Si chiama Holoclar, ed è il primo trattamento a base di cellule staminali al mondo a essere approvato da un ente regolatorio come un prodotto farmaceutico. Una volta ratificato l’accordo nei singoli Paesi, l’epitelio corneale ricostituito a Modena su supporti di fibrina permetterà di restituire la vista a occhi ustionati per i quali il trapianto di cornea tradizionale non è indicato o ha già fallito.

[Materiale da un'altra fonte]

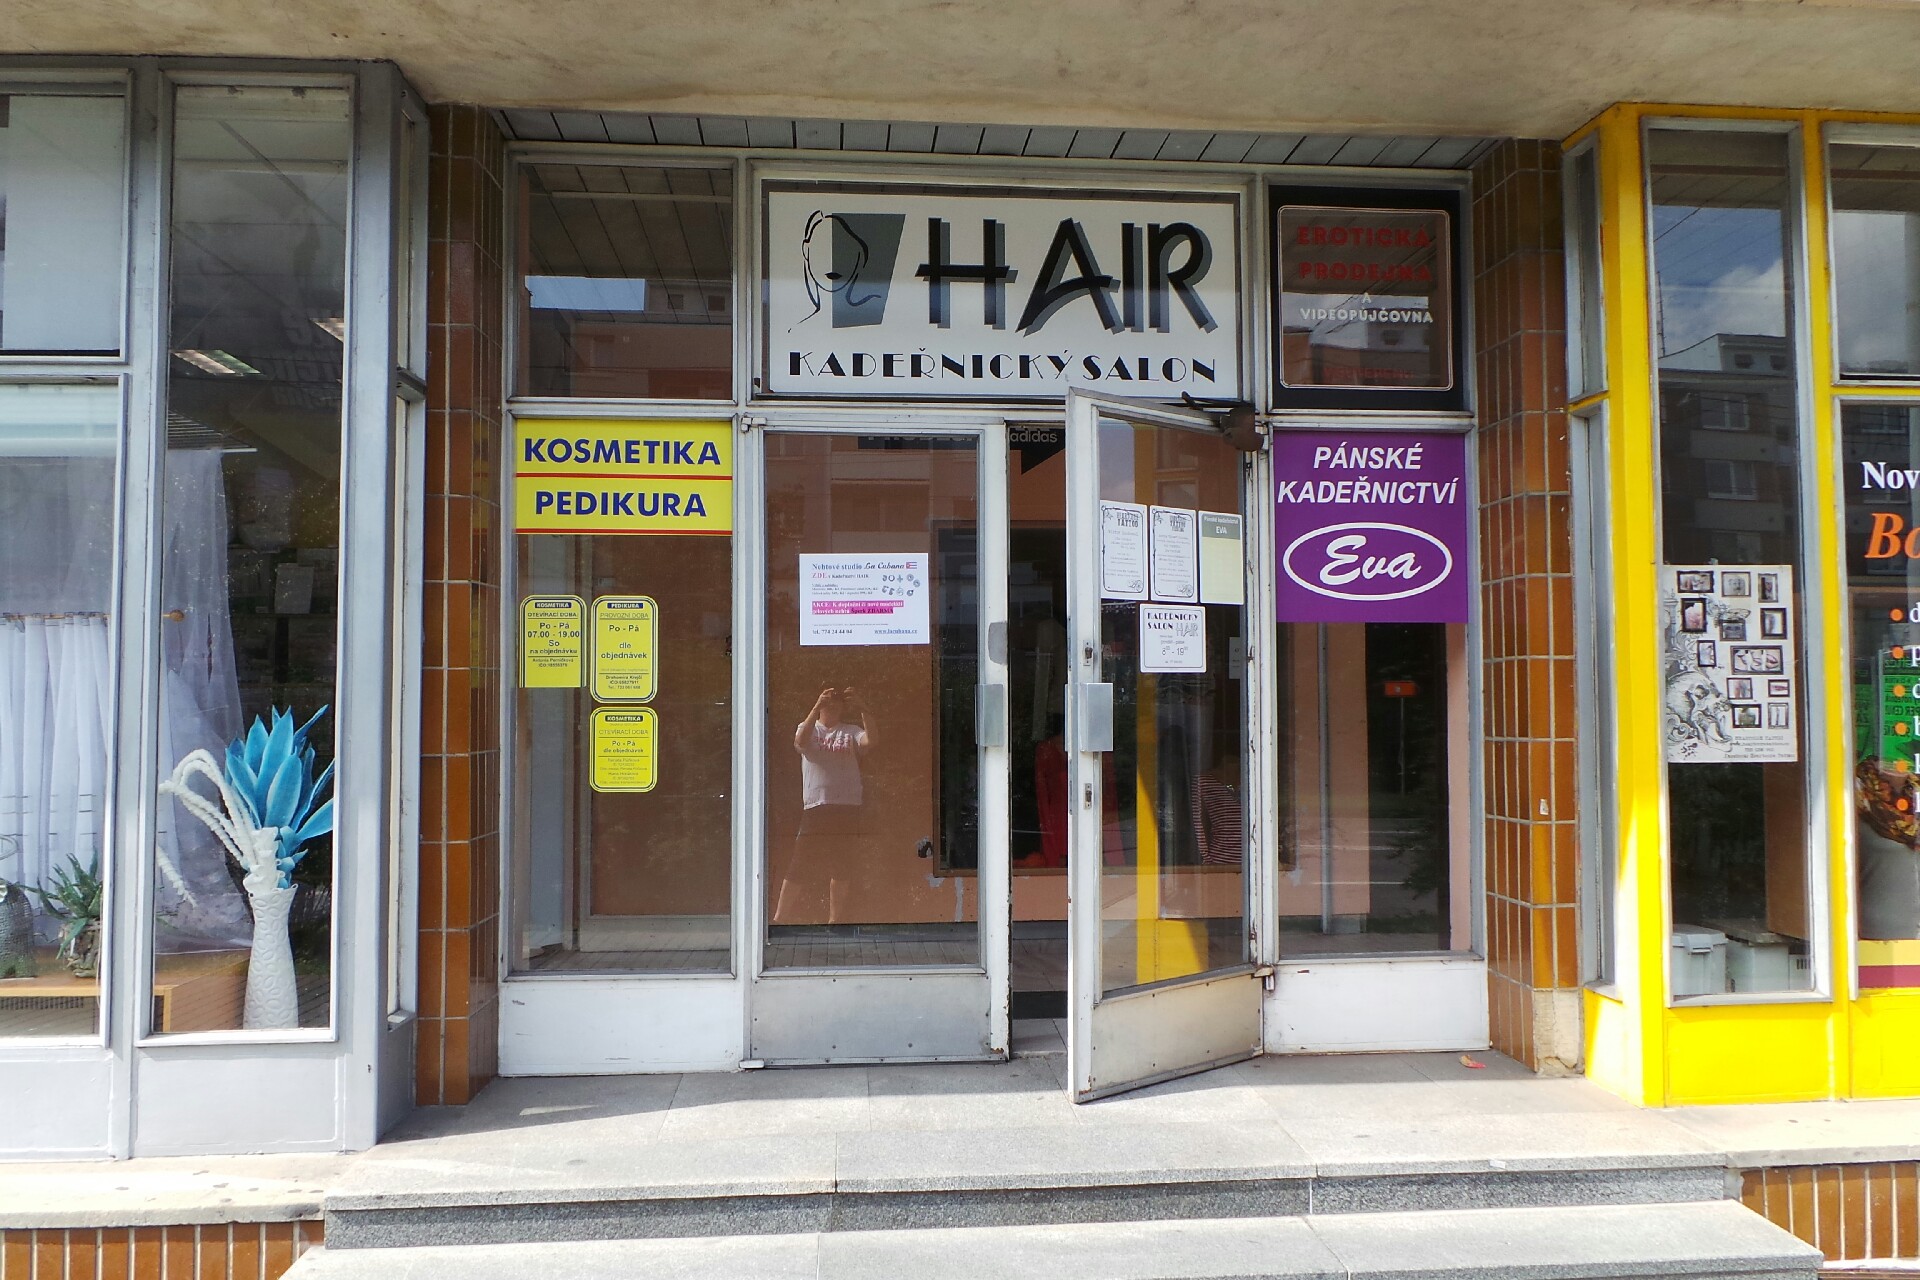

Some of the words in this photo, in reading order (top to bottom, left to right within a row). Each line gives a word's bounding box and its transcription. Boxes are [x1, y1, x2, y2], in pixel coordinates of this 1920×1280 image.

[1297, 224, 1430, 247] EROTICKÁ
[914, 216, 1219, 338] HAIR
[1300, 262, 1432, 281] PRODEJNA
[1362, 292, 1372, 304] A
[1300, 306, 1434, 324] VIDEOPŮJČOVNA
[789, 347, 1072, 382] KADEŘNICKÝ
[1082, 354, 1216, 384] SALON
[1010, 429, 1058, 442] adidas
[524, 438, 721, 466] KOSMETIKA
[1313, 442, 1423, 470] PÁNSKÉ
[1278, 476, 1459, 504] KADEŘNICTVÍ
[536, 490, 706, 517] PEDIKURA
[1216, 526, 1227, 534] EVA
[1319, 534, 1422, 586] Eva
[1176, 623, 1198, 637] HAIR

«Oltre a essere ragione di speranza per un migliaio di pazienti in Europa che non hanno altre alternative terapeutiche, Holoclar è la dimostrazione che un “prodotto farmaceutico” può essere costituito da una coltura cellulare e non solo da una sostanza chimica» spiega Michele De Luca, a capo del gruppo di ricerca che ha tagliato il traguardo prima dei più prestigiosi centri europei o statunitensi. Il risultato di oggi infatti è tutto italiano e non si sarebbe potuto raggiungere se alla genialità e al lavoro degli scienziati non si fossero aggiunti il rigore e la competenza dei clinici, la generosità di una Fondazione bancaria, la lungimiranza di un’azienda farmaceutica. Un cocktail difficile da ottenere nel nostro Paese, ma che evidentemente può dare buoni frutti.

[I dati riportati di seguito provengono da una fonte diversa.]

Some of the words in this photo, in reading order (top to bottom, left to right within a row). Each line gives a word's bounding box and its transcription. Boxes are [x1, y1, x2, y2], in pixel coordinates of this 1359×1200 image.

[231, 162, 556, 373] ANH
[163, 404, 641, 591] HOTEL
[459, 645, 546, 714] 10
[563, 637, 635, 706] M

[…] De Luca ricorda il giorno in cui si presentò a Chiesi Farmaceutici per presentare il progetto: “Andrea Chiesi era distratto. Chissà quante richieste del genere riceveva. Digitava al computer mentre tenevo il mio seminario. Ma mentre parlavo, mi accorgevo che pian piano rallentava i movimenti delle dita sulla tastiera, e alzava lo sguardo verso di me. Avevo catturato la sua attenzione, e infatti dopo un paio di settimane mi chiamò, dicendo che continuava a pensare a quel che avevo detto”. Quel giorno si gettò il primo seme per quella che sarebbe diventata Holostem, lo spin-off  dell’Università di Modena e Reggio Emilia di cui Chiesi è principale azionista e da cui sarebbe nato Holoclar, il prodotto che oggi porta i risultati scientifici di allora a portata di chiunque in Europa ne abbia bisogno. […]

PROSPETTIVE PER IL FUTURO

«I pazienti da trattare in Europa sono circa un migliaio» spiega Andrea Chiesi, «ma nei prossimi mesi è previsto un incontro con l’FDA per valutare la possibilità di intraprendere l’iter di autorizzazione anche per gli Stati Uniti». E intanto si va avanti con gli altri prodotti di Holostem in the pipeline […]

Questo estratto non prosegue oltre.